Bibbs v. Toyota Motor Corp.

Decision Date18 June 2018
Docket NumberS18Q0075
Citation815 S.E.2d 850,304 Ga. 68
CourtGeorgia Supreme Court
Parties BIBBS et al. v. TOYOTA MOTOR CORPORATION et al.

Barnes Law Group, Roy E. Barnes, John R. Bevis, John R. Bartholomew IV ; Cheeley Law, Robert D. Cheeley, Keith A. Pittman ; Fryer, Shuster & Lester, Keith E. Fryer ; Thomas A. Eaton, for appellants.

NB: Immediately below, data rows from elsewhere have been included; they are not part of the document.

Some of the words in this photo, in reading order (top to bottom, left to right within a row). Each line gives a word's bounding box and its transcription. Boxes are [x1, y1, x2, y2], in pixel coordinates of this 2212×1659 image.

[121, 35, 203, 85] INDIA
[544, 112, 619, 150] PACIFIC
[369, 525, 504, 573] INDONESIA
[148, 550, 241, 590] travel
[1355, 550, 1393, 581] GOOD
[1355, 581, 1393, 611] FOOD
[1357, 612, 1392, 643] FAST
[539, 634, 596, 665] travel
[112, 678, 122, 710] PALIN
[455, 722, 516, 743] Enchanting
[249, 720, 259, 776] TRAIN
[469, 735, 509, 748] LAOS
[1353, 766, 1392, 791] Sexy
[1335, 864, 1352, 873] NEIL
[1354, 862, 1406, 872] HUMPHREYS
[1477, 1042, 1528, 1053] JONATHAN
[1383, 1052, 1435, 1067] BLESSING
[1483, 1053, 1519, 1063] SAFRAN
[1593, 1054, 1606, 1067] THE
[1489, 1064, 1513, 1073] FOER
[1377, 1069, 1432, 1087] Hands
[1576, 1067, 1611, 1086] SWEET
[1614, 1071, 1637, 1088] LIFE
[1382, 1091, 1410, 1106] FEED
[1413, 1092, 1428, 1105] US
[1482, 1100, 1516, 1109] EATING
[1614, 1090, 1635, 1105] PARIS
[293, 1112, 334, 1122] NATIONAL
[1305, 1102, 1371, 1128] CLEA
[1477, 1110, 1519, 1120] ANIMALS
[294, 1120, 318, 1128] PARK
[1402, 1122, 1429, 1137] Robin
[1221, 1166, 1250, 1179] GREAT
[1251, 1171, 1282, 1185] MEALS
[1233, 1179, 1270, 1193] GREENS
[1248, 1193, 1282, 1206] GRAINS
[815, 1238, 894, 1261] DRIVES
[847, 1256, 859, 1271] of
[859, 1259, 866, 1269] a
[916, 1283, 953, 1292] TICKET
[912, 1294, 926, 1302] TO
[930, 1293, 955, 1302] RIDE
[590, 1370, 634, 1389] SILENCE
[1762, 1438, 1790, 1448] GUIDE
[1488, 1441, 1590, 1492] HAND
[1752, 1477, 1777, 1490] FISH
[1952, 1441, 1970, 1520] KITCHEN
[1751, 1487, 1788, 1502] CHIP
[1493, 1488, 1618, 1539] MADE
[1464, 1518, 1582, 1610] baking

Rutherford & Christie, Carrie L. Christie, Robert H. Burke ; Bondurant, Mixson & Elmore, Frank M. Lowrey IV, Amanda K. S. Bersinger ; Bowman and Brooke, Joel H. Smith, Richard H. Willis, Ashleigh R. Wilson, for appellees.

Blackwell, Justice.

In this wrongful death lawsuit, the United States District Court for the Northern District of Georgia has certified two questions to this Court:

Under Georgia law, are the damages that may be recovered in a wrongful death action brought by survivors of a decedent limited by a settlement entered into by the decedent’s guardian in a previous personal injury suit settling all claims that were or could have been asserted in that suit?
If the answer is yes, what components of wrongful death damages are barred?

We answer the first question in the affirmative, and in response to the second question, we explain that damages recovered or recoverable in an earlier personal injury lawsuit cannot be recovered again in a wrongful death suit. In many instances, this rule against double recoveries will not significantly limit the damages that may be recovered in a wrongful death lawsuit, but in the circumstances of this case, we acknowledge that the limitation is substantial.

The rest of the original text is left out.